The criticism of ostensive definition includes a criticism of a causal conception of meaning, which is also the target in other dictations. This conception is deterministic: anyone who is given the ostensive definition thereby seems not only to have acquired this definition, “but also something else, in fact the sense that stands behind the word”. Thus “it seems that the understanding of the word ‘red’ contains in embryo everything which is later as it were spread out in front of us in the form of rules of grammar” (Dictées, vol. 1, p. 201; VOW p. 403) (the myth of logical possibility).

Third stance: another grammatical path, “our” path (by contrast with the Schlickian one): The question arises whether this third stance amounts to a “view”. It can be equated with the negation of the Schlickian thesis. In other words, the point is that it is not in virtue of an ostensive definition that red and green exclude each other. Note that the distinction between the second and the third stances parallels the duplicating of the meaning of “grammar”, revealing some uneasiness of the philosopher as confronted with the embarrassing case of “the rose is identical to red”.1 A parting of ways takes place within the philosopher. He is inhabited by two conflicting grammatical rules. This parting of ways expresses an alternative between two ways of seeing. It induces in the philosopher a feeling of irresolution, fostered by a feeling of the absence of rules (Dictées, vol. 1, p. 117; VOW p. 231).

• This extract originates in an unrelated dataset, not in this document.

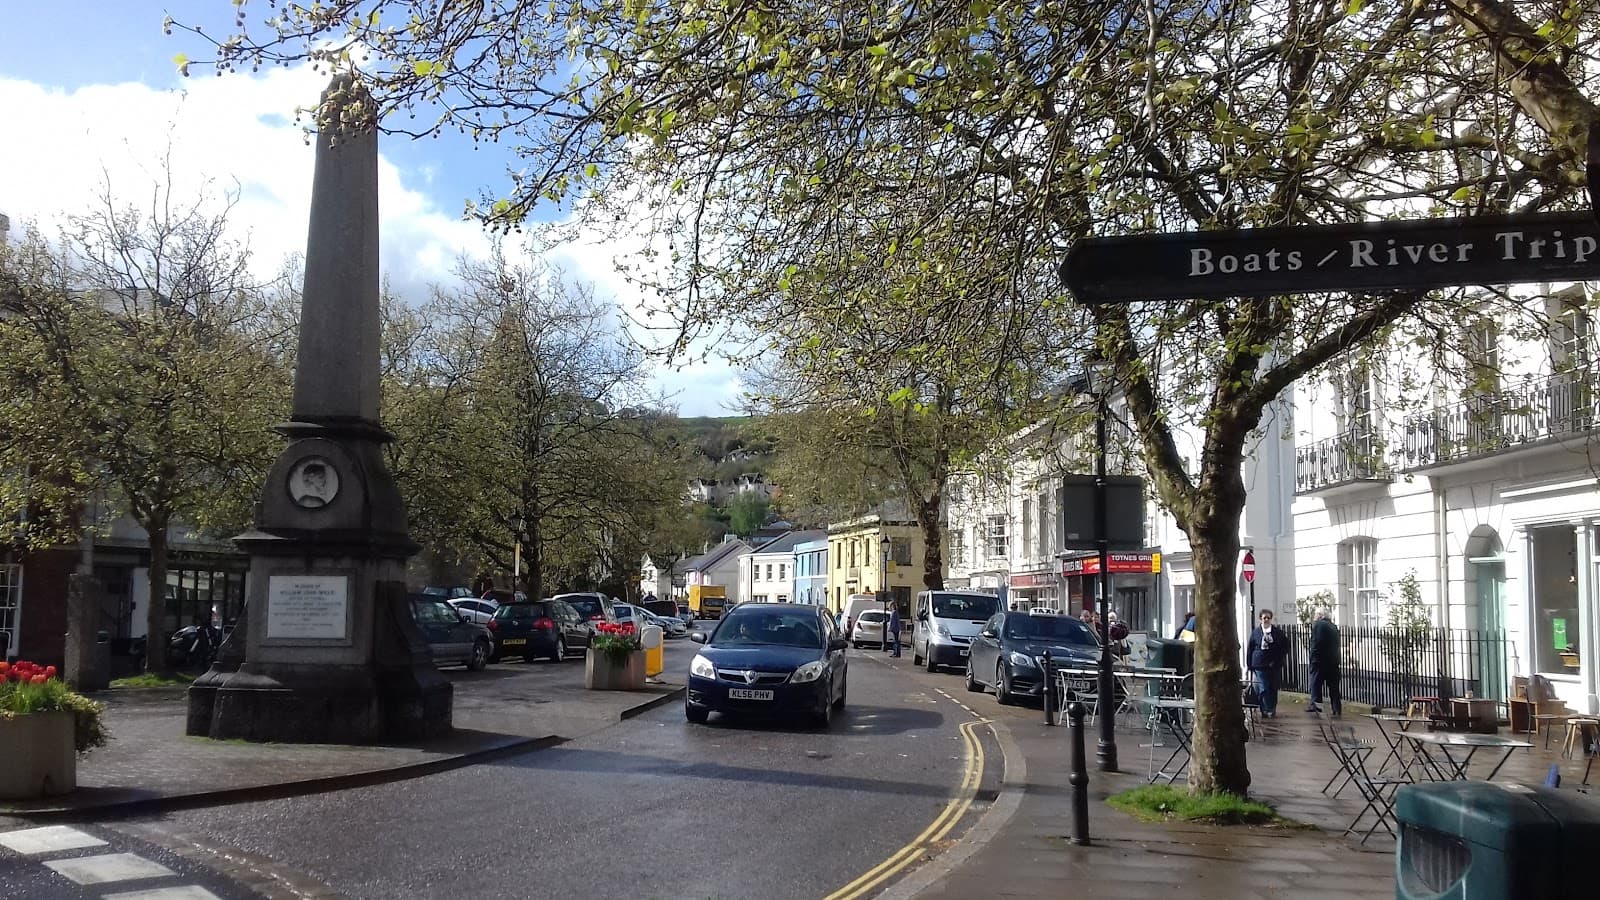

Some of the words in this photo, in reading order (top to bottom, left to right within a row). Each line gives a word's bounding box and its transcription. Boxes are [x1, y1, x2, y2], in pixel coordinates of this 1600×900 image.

[1188, 247, 1303, 277] Boats
[1349, 238, 1474, 269] River
[1495, 230, 1597, 264] Trip
[754, 690, 770, 699] PHV

Fourth stance: Husserl’s stance (or the charge of the phenomenologist according to which we are trapped into arbitrariness): This stance (which is subjected to criticism in a passage entitled “Anti-Husserl” in Wittgenstein and the Vienna Circle),2 expresses the move to the idea of the a priori and essential nature of the “cannot” in “Red and green cannot be in the same place at the same time”. Wittgenstein and Schlick both challenge the idea of a phenomenal a priori, based as it is on the assumption of (what Elisabeth Rigal has called) a “logicity of experience”.3 What is here dismissed is the idea of any “third path” between the logical and the phenomenal. Such a third path is postulated by the claim that there exists a specific intuition whose object is a third kind of entity, distinct both from the purely phenomenal and the purely logical. According to Husserl, in effect, the opposition between the two may well be overcome. The content intentionally aimed at has objectivity in virtue of “the law-governed nature of the being-so” (eine Gesetzmässigkeit des Soseins) by which it is structured.4

Husserl thus postulates a “discerning” (a “savoir-voir”, as Jocelyn Benoist puts it),5 which is sustained by laws of pure essence. One may invoke an experience-of-it-not-being-able-to-be-otherwise. Its ideal necessity has a unity which is just what underlies the intuitive conflict between two incompatible things, and which solves at a deep level what amounts to a mere dilemma at the superficial level. What has been mistaken for an arbitrary act of stipulation effectuated by the logician proves to be grounded, in fact, upon the very “nature” of colours, so to speak the colour in itself, a nature which no stipulation could ever undermine.




1See dictation “The Justification of Grammar”, Dictées, vol. 1, pp. 118–119; VOW pp. 232–237.
2Conversation dated 1929, Wittgenstein and the Vienna Circle: Conversations recorded by Fr. Waismann, ed. B. McGuinness, Oxford, Blackwell 1979.
3See her postscript to L. Wittgenstein, Remarques sur les couleurs (Mauvezin, Trans-Europ-Repress, 1983). We have challenged this reading in the paper of ours mentioned above (footnote 9), arguing that there is no such thing as a “logicity of experience” except from a phenomenological standpoint which is criticized by Schlick (especially in the section “Anti-Husserl”) in the name of Wittgenstein.
4E. Husserl, Logical Investigations, 3rd and 6th investigations.
5J. Benoist, “‘Il n’y a pas de phénoménologie, mais il y a bel et bien des problèmes phénoménologiques’ (Remarques sur les couleurs, III, § 248)”, Rue Descartes (revue du Collège international de philosophie), No 29, 2000.